(NEW BRUNSWICK, N.J.) — Prosecutors and court officials in the Rutgers invasion of privacy trial have gone to extraordinary lengths to keep the identity of a key witness anonymous, even during his upcoming testimony.
A gay man identified only by his initial “M.B.” is expected to testify as early as Wednesday in the trial of Dharun Ravi, a former Rutgers student who is on trial for allegedly using his webcam to peek at freshman roommate Tyler Clementi as he kissed M.B., and allegedly urging other friends and students to watch.

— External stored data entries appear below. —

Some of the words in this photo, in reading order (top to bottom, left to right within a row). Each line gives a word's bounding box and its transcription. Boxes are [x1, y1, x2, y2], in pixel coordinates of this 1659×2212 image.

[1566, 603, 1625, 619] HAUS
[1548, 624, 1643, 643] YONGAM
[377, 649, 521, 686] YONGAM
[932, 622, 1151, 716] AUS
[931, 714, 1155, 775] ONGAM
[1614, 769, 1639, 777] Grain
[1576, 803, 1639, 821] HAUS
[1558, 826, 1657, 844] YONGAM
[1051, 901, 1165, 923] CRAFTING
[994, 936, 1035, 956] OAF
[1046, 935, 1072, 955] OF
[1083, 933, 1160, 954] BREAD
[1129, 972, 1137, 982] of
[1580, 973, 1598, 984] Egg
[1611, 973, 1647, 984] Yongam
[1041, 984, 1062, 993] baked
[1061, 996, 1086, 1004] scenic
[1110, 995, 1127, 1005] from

Clementi, who was 18, committed suicide a few days later by jumping off the George Washington Bridge. His case was cited by activists as an example of anti-gay bullying.
Besides invasion of privacy, Ravi, who is now 20, is charged with bias intimidation, witness tampering and hindering arrest.

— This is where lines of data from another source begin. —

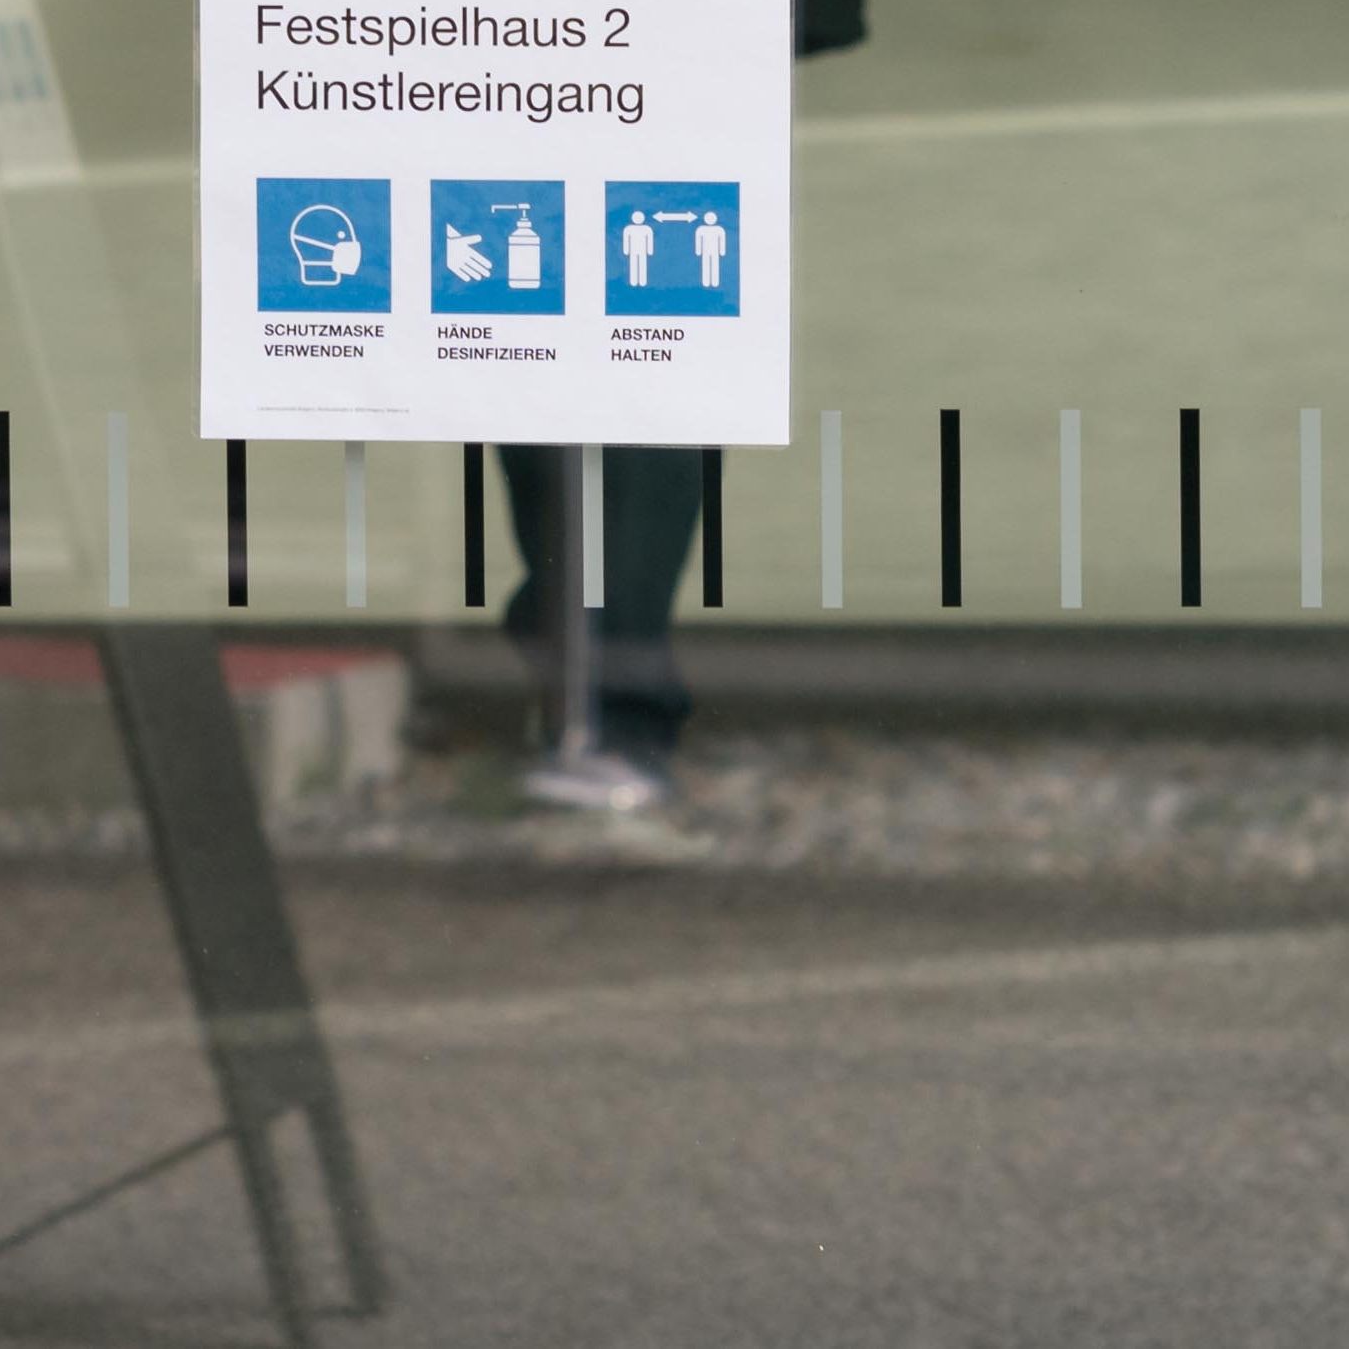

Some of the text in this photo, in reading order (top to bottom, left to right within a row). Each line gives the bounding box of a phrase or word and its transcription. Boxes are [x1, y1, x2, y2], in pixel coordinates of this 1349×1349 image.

[256, 5, 631, 55] Festspielhaus 2
[256, 70, 645, 124] Künstlereingang
[264, 323, 385, 338] SCHUTZMASKE
[437, 323, 493, 340] HÄNDE
[610, 327, 685, 342] ABSTAND
[264, 344, 365, 358] VERWENDEN
[437, 347, 557, 361] DESINFIZIEREN
[610, 348, 672, 362] HALTEN

M.B. has been described as a man of about 30. His identity is being protected because he is being treated as a victim of the alleged crime. Also, he is not out as a gay man.
M.B. and Clementi met online. The two had a rendezvous in Clementi’s Rutgers dorm room on Sept. 19, 2010 and again on Sept. 21.
He is expected to testify about his relationship with Clementi, what he and Clementi knew about the webcam and Clementi’s reaction to his roommate.
Testimony so far has featured Ravi’s classmates describing how he tweeted about Clementi’s gay dates and urged them to also watch. Those classmates have also repeatedly said that Ravi had not expressed any anti-gay feelings or disdain for Clementi for being gay. They said he was more concerned that Clementi’s date was older and apparently not a Rutgers student who might steal his iPad.